Ephrem ramassa ses affaires et partit devant. Mélusine, restée sur place, s’en voulait d’avoir été si dure, mais elle ne voulait pas qu’Ephrem se berce d’illusions. Ses parents étaient morts. Point. La dernière chose dont il avait besoin, c’était d’aller à la rencontre de dangereuses créatures sanguinaires.

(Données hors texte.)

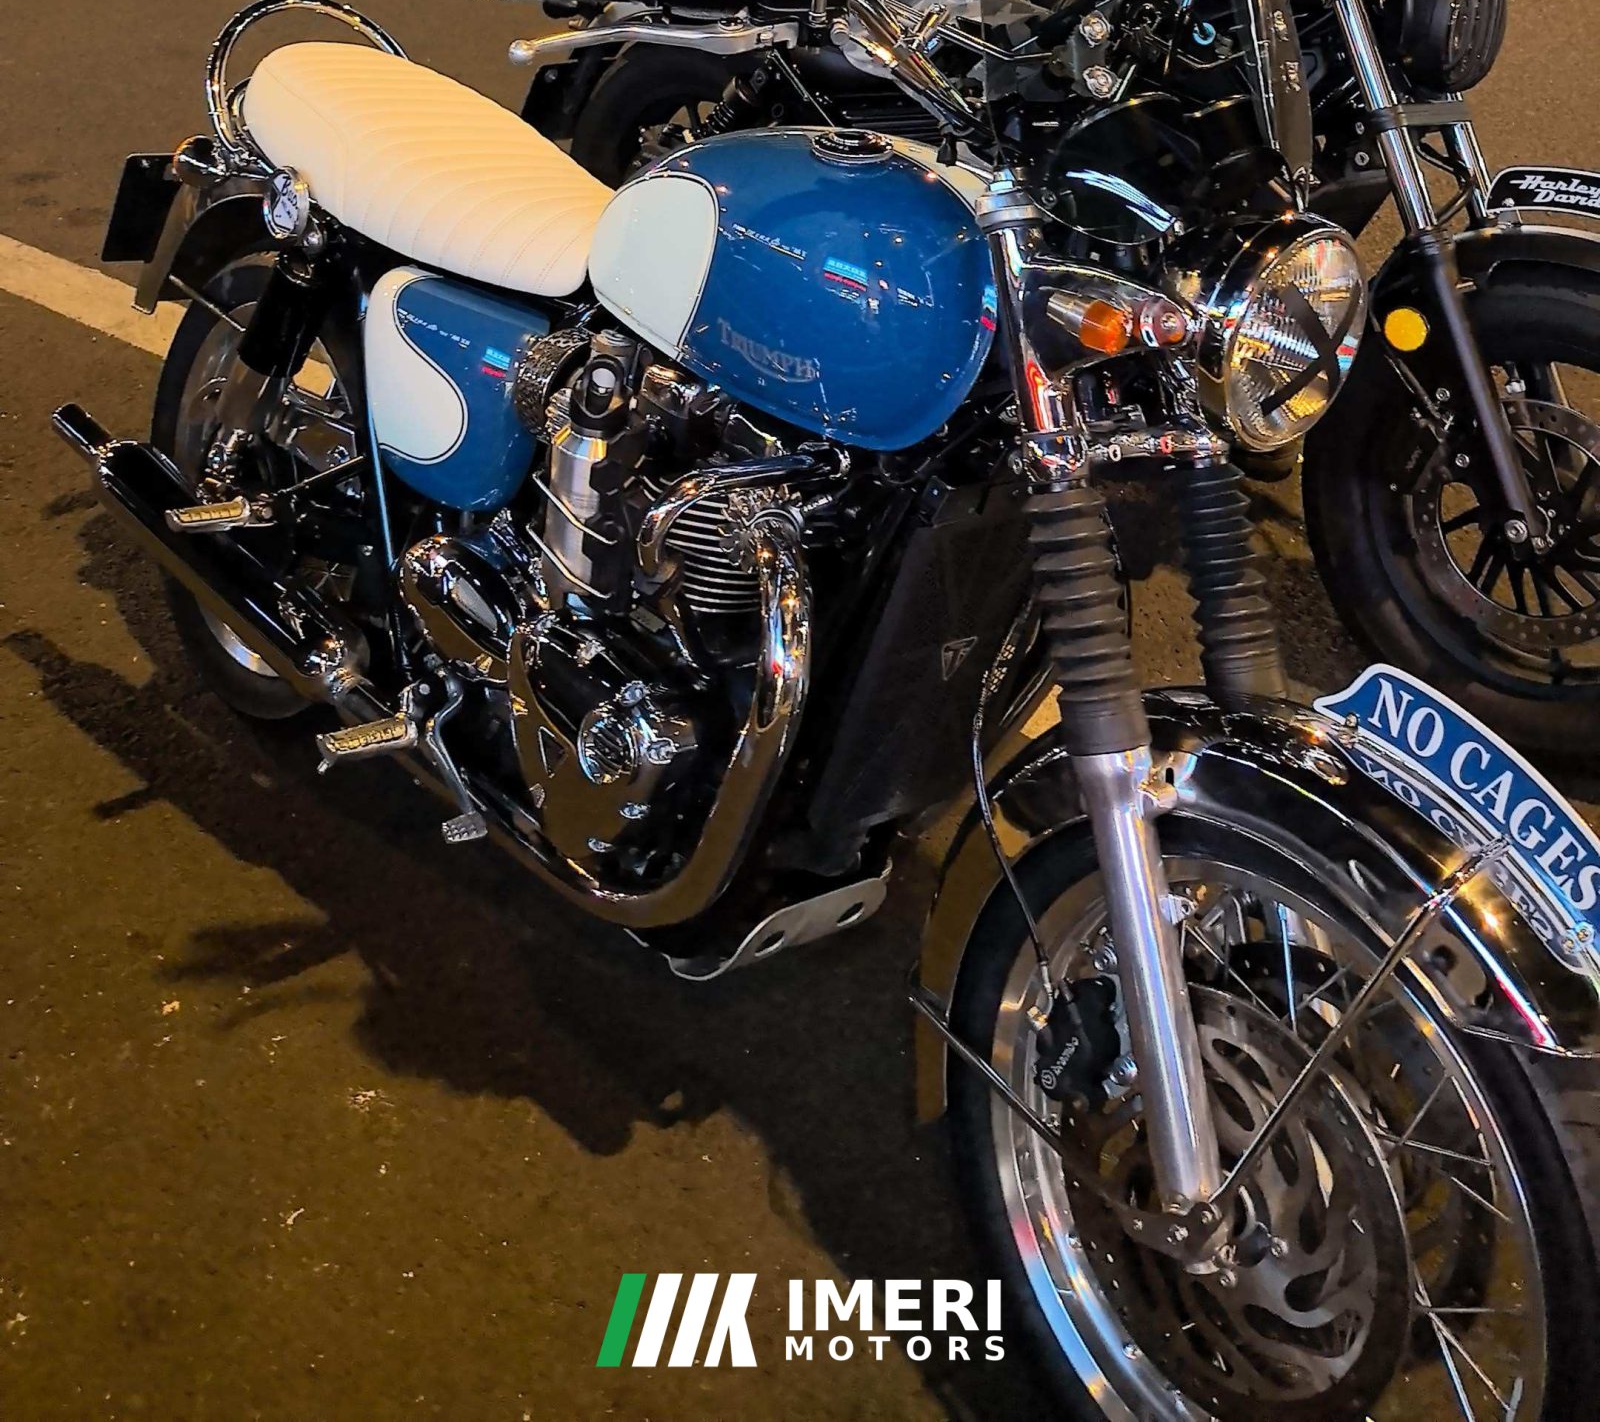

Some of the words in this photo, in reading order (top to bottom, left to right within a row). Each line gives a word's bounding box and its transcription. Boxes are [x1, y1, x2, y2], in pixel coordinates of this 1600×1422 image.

[717, 317, 817, 380] TRIUMPH
[1368, 678, 1444, 757] NO
[1450, 741, 1600, 911] CAGES

Mélusine fouilla dans son sac, et avec un sourire satisfait, en retira une paire de gants d’un blanc immaculé, presque aussi blanc que la peau de ses propres mains, et les enfila… Elle les regarda pendant quelques secondes ! Il était difficile d’un premier coup d’œil de dire où finissaient les gants et où commencer ses mains. Elle redressa ses lunettes, prit ses affaires, et courut après Ephrem, heureuse à la pensée que bientôt elle serait chez elle, auprès de son père. Ce dernier réussirait à faire accepter à Ephrem la disparition de ses parents Humains. Puis, tout redeviendrait comme avant. Un père aimant et protecteur, un frère qui aurait besoin d’elle, plus d’excursion involontaire, et encore moins, volontaire, dans un quelconque passé. Pas d’Humain violent les accusant à tort d’acte barbare, plus de vision d’horreur ni d’odeur de mort… Tout sera comme avant.

 

            Non loin de là, Odran et ses soldats se préparaient également à rentrer au château, au royaume d’Isbergue. Ils avaient décidé de monter leur campement à Luctès pour s’assurer que le feu du bucher ne cause pas davantage de dommage à un village qui avait suffisamment souffert. Alors qu’il lisait la dernière feuille d’un épais rapport, le général s’interrompit pour accueillir dans sa tente, l’homme qu’il attendait depuis un moment déjà.

— Entre ! ordonna-t-il.

Kleds, un soldat à l’air féroce, avec des cicatrices sur le visage et les bras, était le lieutenant d’Odran. Contrairement à ce dernier, Kleds ne souriait jamais et avait toujours l’air d’être de mauvaise humeur. Comme tous ses soldats, celui-ci avait énormément de respect pour son général, en qui il avait une confiance aveugle. Cependant, cela ne l’empêchait pas de donner son avis sur certains choix qu’il trouvait parfois discutables. Mais en définitive, lui, comme tous les autres, finissait par suivre leur chef, qui se révélait être un général efficace, autant dans ses commandements en pleine bataille, que dans ses rapports avec ses hommes. En effet, pour Odran, la vie de chacun de ses hommes était importante. Jamais il n’établirait de stratégie où l’un d’eux serait obligé de se sacrifier. Chaque soldat le savait. Et grâce à cela, un climat de confiance régnait parmi eux. Les uns comptant sur les autres, les uns protégeant les autres, rendant inutile l’utilisation de bouclier. Ainsi, les soldats du royaume d’Isbergue étaient craints par les autres royaumes, car ils étaient les seuls à pouvoir utiliser deux épées sans se soucier de leur propre protection, causant chez leurs ennemis, deux fois plus de dommage !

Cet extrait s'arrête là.